Daan de Wit: So it's really much ado about nothing despite the intensive coverage during those few days.
Willem Middelkoop:
The concern, anxiety and uncertainty gets magnified because the
American economy is now seriously beginning to weaken. After the
American technology bubble burst, we saw how American bankers, the
Federal Reserve, dramatically lowered interest rates from 6% to 1% in
2002, 2003, 2004. As a result, borrowing was very cheap. And because of
this, auto sales remained steady because auto financing could be
offered with 0% interest. A huge wave of speculation arose because of
these extremely low rates - you could practically borrow money for free
in order to speculate with it. And in order to stem the flow of all
these excesses and fight inflation, interest rates had to be raised.
That's what we've seen during the last year and a half; rates have
risen from 1% up towards 5%, and that has meant that General Motors and
Ford can no longer offer such cheap financing. And so now GM and Ford
have seen a slump in sales of around 30%, which has led to big problems
for the auto industry. What we've also been seeing is that, due to the
extremely low interest rates from a few years ago, a new bubble has
developed - a new wave of speculation in real estate. One out of every
three homes sold was purchased as an investment property, and because
interest rates have gone up, housing prices have stopped rising. Now
that whole wave of speculation that we've seen expanding over the
course of the past few years is beginning to reverse itself. So now
what we're seeing is that a lot of speculative investors want to
convert their real estate into cash, which has led to a glut of real
estate offerings in America, which in turn has led to falling prices.
And now big problems are beginning to appear in the American mortgage
market.
Daan de Wit: There
are so many articles published about this at the moment that you'd
think that the housing market is collapsing right now, and with so much
money in the market that should produce a loud bang. In the meantime it
looks as if things might turn out okay. Is it still the case that a
balloon is bursting?
Willem Middelkoop:
Yes, it really is a balloon that's in the process of bursting. I really
think that if you look back at the past year or two, you can make the
case that the collapse of the high tech bubble between 2000 and 2003
was child's play compared to what we're dealing with now - the collapse
of the real estate bubble. There have been so many excesses that have
occurred with the financing of real estate. A very large share of
investment properties have been financed with so-called no doc
mortgages - these are mortgages in which you don't have to submit a
single document in order to get that mortgage - no pay stubs, no tax
forms, etc. In this way, anybody could get a loan to finance real
estate, oftentimes for the total purchase price. And it now appears
that one sector of the market in America has come to define a large
part of the mortgage market - the sub-prime lenders market - in which
you pay a bit more in interest, say 8% instead of 6%. This way you can
get a mortgage even if you have a poor credit history, and you don't
have to hand over proof of income. This sub-prime lenders market
comprises about 15% of the entire mortgage market in America - that
translates into a 1000 billion dollars in a market valued at 8000
billion total, and that's where the big problems are cropping up. It
appears that more than 10% of customers of sub-prime lenders are more
than 60 days behind on their interest payment and their monthly
mortgage installment. And those ten percent are now faced with the
forced sale of their home - losing their home and getting evicted.

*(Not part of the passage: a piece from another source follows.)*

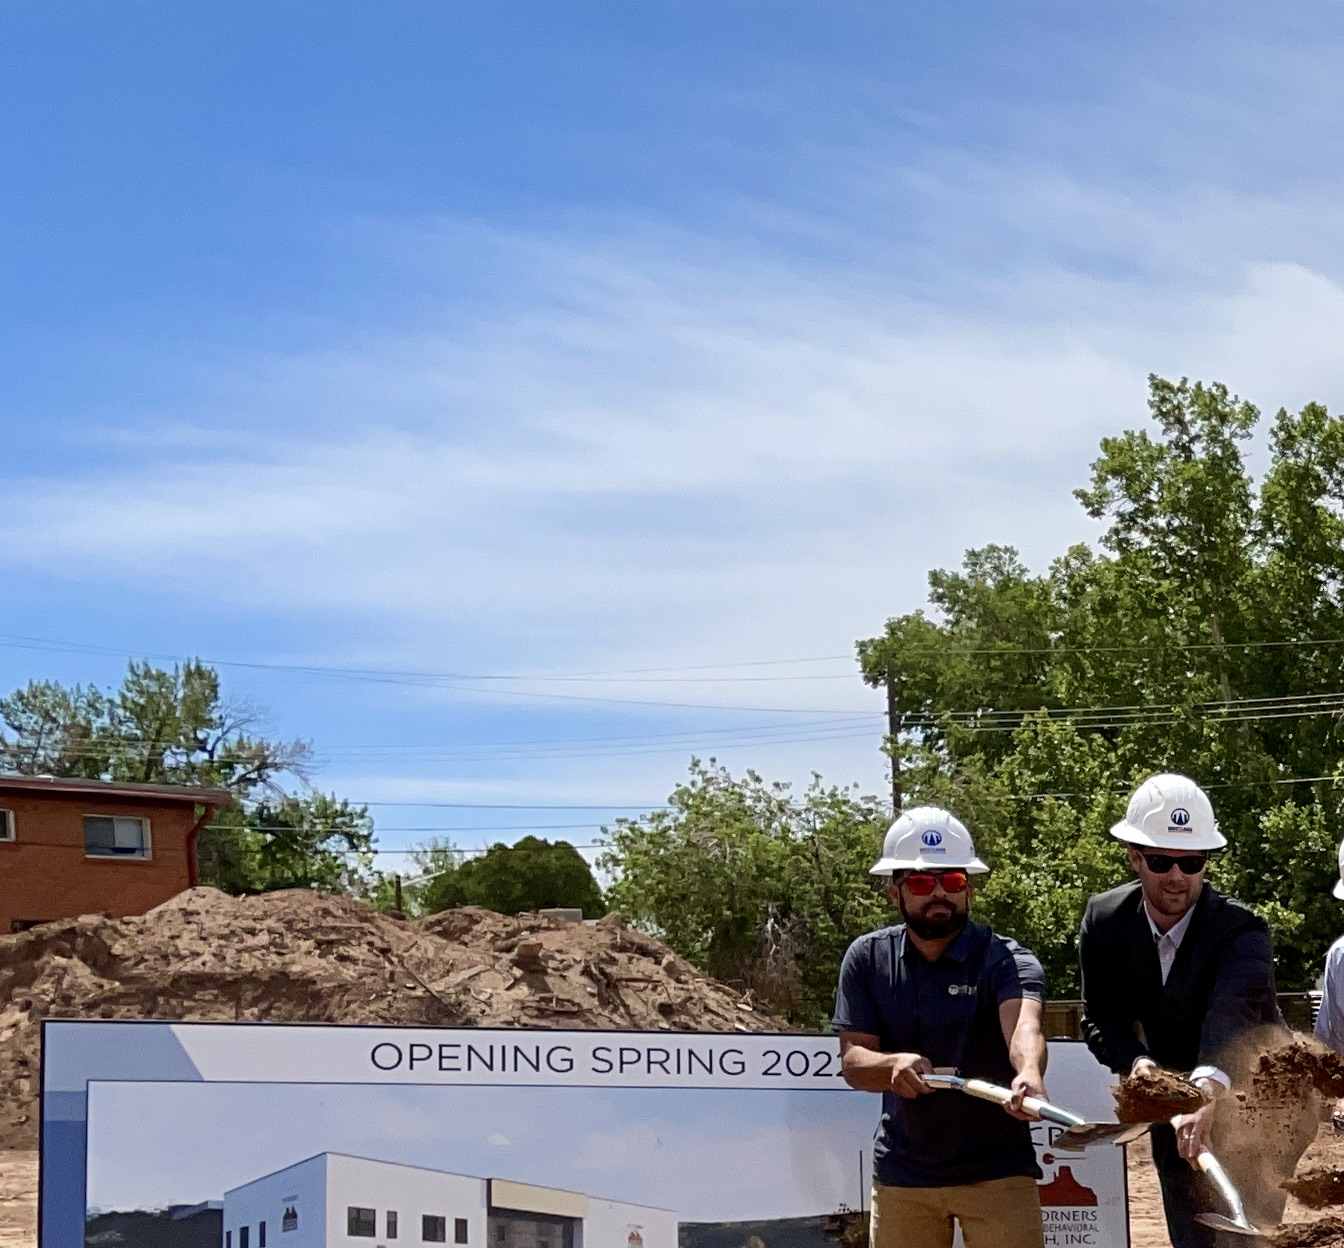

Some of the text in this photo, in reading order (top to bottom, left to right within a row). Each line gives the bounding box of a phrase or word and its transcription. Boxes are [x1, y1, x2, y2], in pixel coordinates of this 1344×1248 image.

[371, 1042, 844, 1078] OPENING SPRING 202
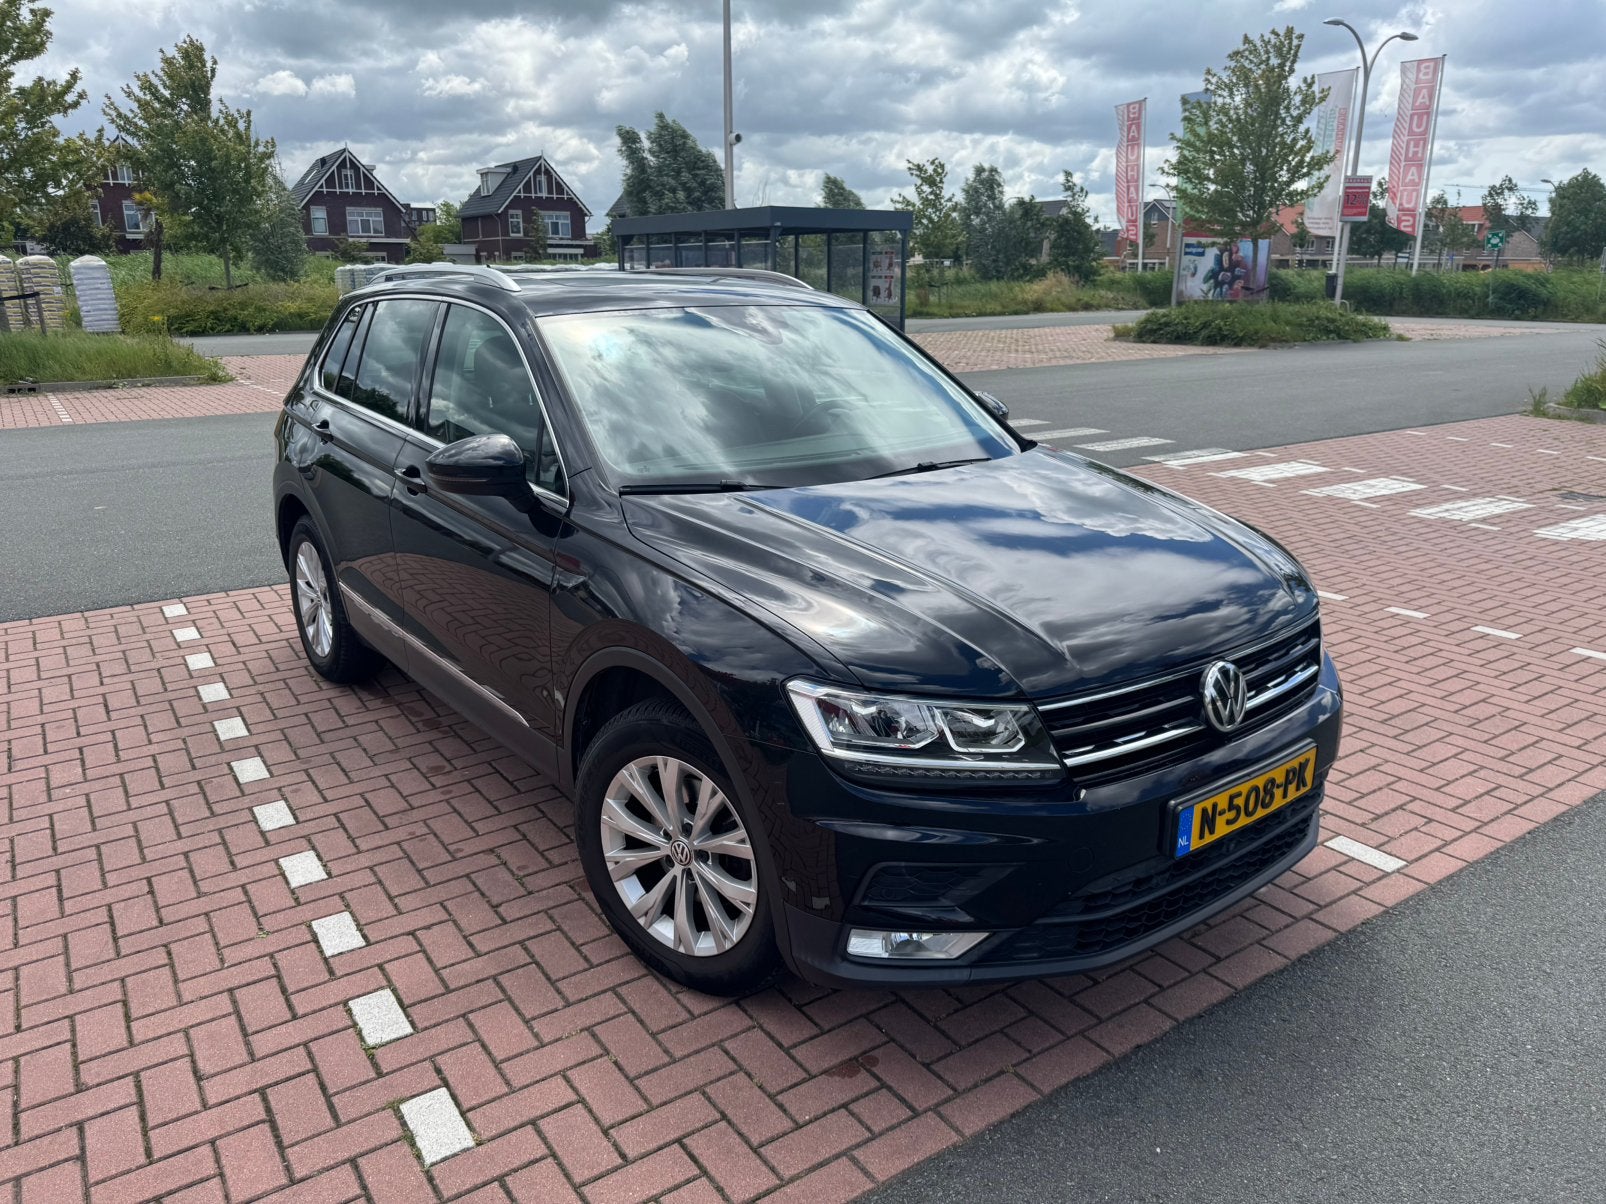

There are some estimates that between 1.5 and 2 million American
families are going to lose their home.
Daan de Wit: The
comparison with the collapse of the technology bubble sounds somewhat
abstract. What do you think the situation will look like when this
bubble will collapse?
Willem Middelkoop: What's
actually the same, is that you have a speculative bubble in a specific
market; a whole lot of money has flowed into that market. This leads to
valuations that are way too high. We saw that with technology shares
back around 2000. The prices paid for those shares were way too high.
There's too much air in those prices. That air leaks out at a given
moment, and that's the bubble collapsing. We're seeing the same thing
with real estate now - far too much speculative money has flowed into
the real estate market. Because of this, prices paid for homes during
the past few years have been way too high. Surges in home prices have
been much too strong, and that air is now beginning to escape. The
annoying thing about it is that once such a bubble starts to collapse,
it often ends up being a process that lasts just as long as the upswing
did. The upswing in the housing market lasted about 6 or 7 years, and
now comes the collapse of that bubble. Things often move quickly at
first, but it can take quite a long time before such a market can
stabilize and begin to grow again.
Daan de Wit: And so that's why there really isn't a real loud bang.
Willem Middelkoop:
It's a creeping process. It's not a crash like on the stock market
where 30% can disappear just like that. Home prices fall 6 percent this
year, 12 percent next year and 15 percent the year after that. But over
the course of a number of years you'll certainly lose 30, 40, 50
percent compared to current levels. That can happen, but it hasn't
started yet. We're at the beginning of this process. But the signals
coming from the American mortgage market are nonetheless pretty dismal.
There are 37 mortgage providers that have now gone under. New Century
Financial is about the biggest - it employs 7000 people and has 220
sales offices in 35 states. It's on the edge of bankruptcy, and it
would be the 38th to go. This just creates a domino effect.
Daan de Wit: And very matter of factly: people getting evicted from their homes - beyond that, what else do you see?
Willem Middelkoop:
Well, I see that 100,000 jobs in the construction industry were lost
last year, and that this year another 100,000 will be lost. Perhaps 2
million of the 80 million American homeowners will be forced to sell
their homes. The housing market and everything associated with it, from
the copper tubing that has to be procured, to kitchens and everything
that goes along with that - that's good for 23% of American industry.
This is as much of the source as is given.